**What needs to be done:** When you transcribe the records that follow, reproduce each line exactly as given.

(Records from a data collection)
■ ■ ■ ■ ■ ■ ■

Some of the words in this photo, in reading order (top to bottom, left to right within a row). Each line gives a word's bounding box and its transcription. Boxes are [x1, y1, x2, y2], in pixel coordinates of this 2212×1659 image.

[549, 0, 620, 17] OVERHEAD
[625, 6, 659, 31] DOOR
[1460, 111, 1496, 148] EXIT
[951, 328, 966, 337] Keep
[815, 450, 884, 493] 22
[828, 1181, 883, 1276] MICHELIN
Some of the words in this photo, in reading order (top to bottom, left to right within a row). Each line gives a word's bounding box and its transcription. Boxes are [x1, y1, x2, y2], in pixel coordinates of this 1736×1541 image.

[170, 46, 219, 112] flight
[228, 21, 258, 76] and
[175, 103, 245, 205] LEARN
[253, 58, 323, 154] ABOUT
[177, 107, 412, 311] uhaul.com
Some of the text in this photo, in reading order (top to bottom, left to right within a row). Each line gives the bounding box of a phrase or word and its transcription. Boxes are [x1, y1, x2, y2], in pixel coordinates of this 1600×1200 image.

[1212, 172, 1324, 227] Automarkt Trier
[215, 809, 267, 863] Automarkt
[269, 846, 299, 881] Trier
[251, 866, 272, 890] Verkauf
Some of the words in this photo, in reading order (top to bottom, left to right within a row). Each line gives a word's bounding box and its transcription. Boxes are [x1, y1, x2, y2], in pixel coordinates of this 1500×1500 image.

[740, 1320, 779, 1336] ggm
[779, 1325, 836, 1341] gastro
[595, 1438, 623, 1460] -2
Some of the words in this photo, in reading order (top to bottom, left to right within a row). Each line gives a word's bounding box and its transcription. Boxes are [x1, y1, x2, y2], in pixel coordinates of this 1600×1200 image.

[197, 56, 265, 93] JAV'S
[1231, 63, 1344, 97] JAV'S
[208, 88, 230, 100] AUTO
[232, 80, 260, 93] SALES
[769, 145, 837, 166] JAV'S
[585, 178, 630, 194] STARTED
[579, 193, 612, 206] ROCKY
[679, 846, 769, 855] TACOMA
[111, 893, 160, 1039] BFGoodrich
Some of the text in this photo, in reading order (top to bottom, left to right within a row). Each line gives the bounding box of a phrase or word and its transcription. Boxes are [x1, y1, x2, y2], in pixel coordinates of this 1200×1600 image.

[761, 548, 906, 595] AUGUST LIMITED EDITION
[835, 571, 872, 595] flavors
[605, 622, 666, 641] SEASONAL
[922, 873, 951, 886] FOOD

■ ■ ■ ■ ■ ■ ■

**Output for this exercise:**
Some of the words in this photo, in reading order (top to bottom, left to right within a row). Each line gives a word's bounding box and its transcription. Boxes are [x1, y1, x2, y2], in pixel coordinates of this 2212×1659 image.

[549, 0, 620, 17] OVERHEAD
[625, 6, 659, 31] DOOR
[1460, 111, 1496, 148] EXIT
[951, 328, 966, 337] Keep
[815, 450, 884, 493] 22
[828, 1181, 883, 1276] MICHELIN
Some of the words in this photo, in reading order (top to bottom, left to right within a row). Each line gives a word's bounding box and its transcription. Boxes are [x1, y1, x2, y2], in pixel coordinates of this 1736×1541 image.

[170, 46, 219, 112] flight
[228, 21, 258, 76] and
[175, 103, 245, 205] LEARN
[253, 58, 323, 154] ABOUT
[177, 107, 412, 311] uhaul.com
Some of the text in this photo, in reading order (top to bottom, left to right within a row). Each line gives the bounding box of a phrase or word and its transcription. Boxes are [x1, y1, x2, y2], in pixel coordinates of this 1600×1200 image.

[1212, 172, 1324, 227] Automarkt Trier
[215, 809, 267, 863] Automarkt
[269, 846, 299, 881] Trier
[251, 866, 272, 890] Verkauf
Some of the words in this photo, in reading order (top to bottom, left to right within a row). Each line gives a word's bounding box and its transcription. Boxes are [x1, y1, x2, y2], in pixel coordinates of this 1500×1500 image.

[740, 1320, 779, 1336] ggm
[779, 1325, 836, 1341] gastro
[595, 1438, 623, 1460] -2
Some of the words in this photo, in reading order (top to bottom, left to right within a row). Each line gives a word's bounding box and its transcription. Boxes are [x1, y1, x2, y2], in pixel coordinates of this 1600×1200 image.

[197, 56, 265, 93] JAV'S
[1231, 63, 1344, 97] JAV'S
[208, 88, 230, 100] AUTO
[232, 80, 260, 93] SALES
[769, 145, 837, 166] JAV'S
[585, 178, 630, 194] STARTED
[579, 193, 612, 206] ROCKY
[679, 846, 769, 855] TACOMA
[111, 893, 160, 1039] BFGoodrich
Some of the text in this photo, in reading order (top to bottom, left to right within a row). Each line gives the bounding box of a phrase or word and its transcription. Boxes are [x1, y1, x2, y2], in pixel coordinates of this 1200×1600 image.

[761, 548, 906, 595] AUGUST LIMITED EDITION
[835, 571, 872, 595] flavors
[605, 622, 666, 641] SEASONAL
[922, 873, 951, 886] FOOD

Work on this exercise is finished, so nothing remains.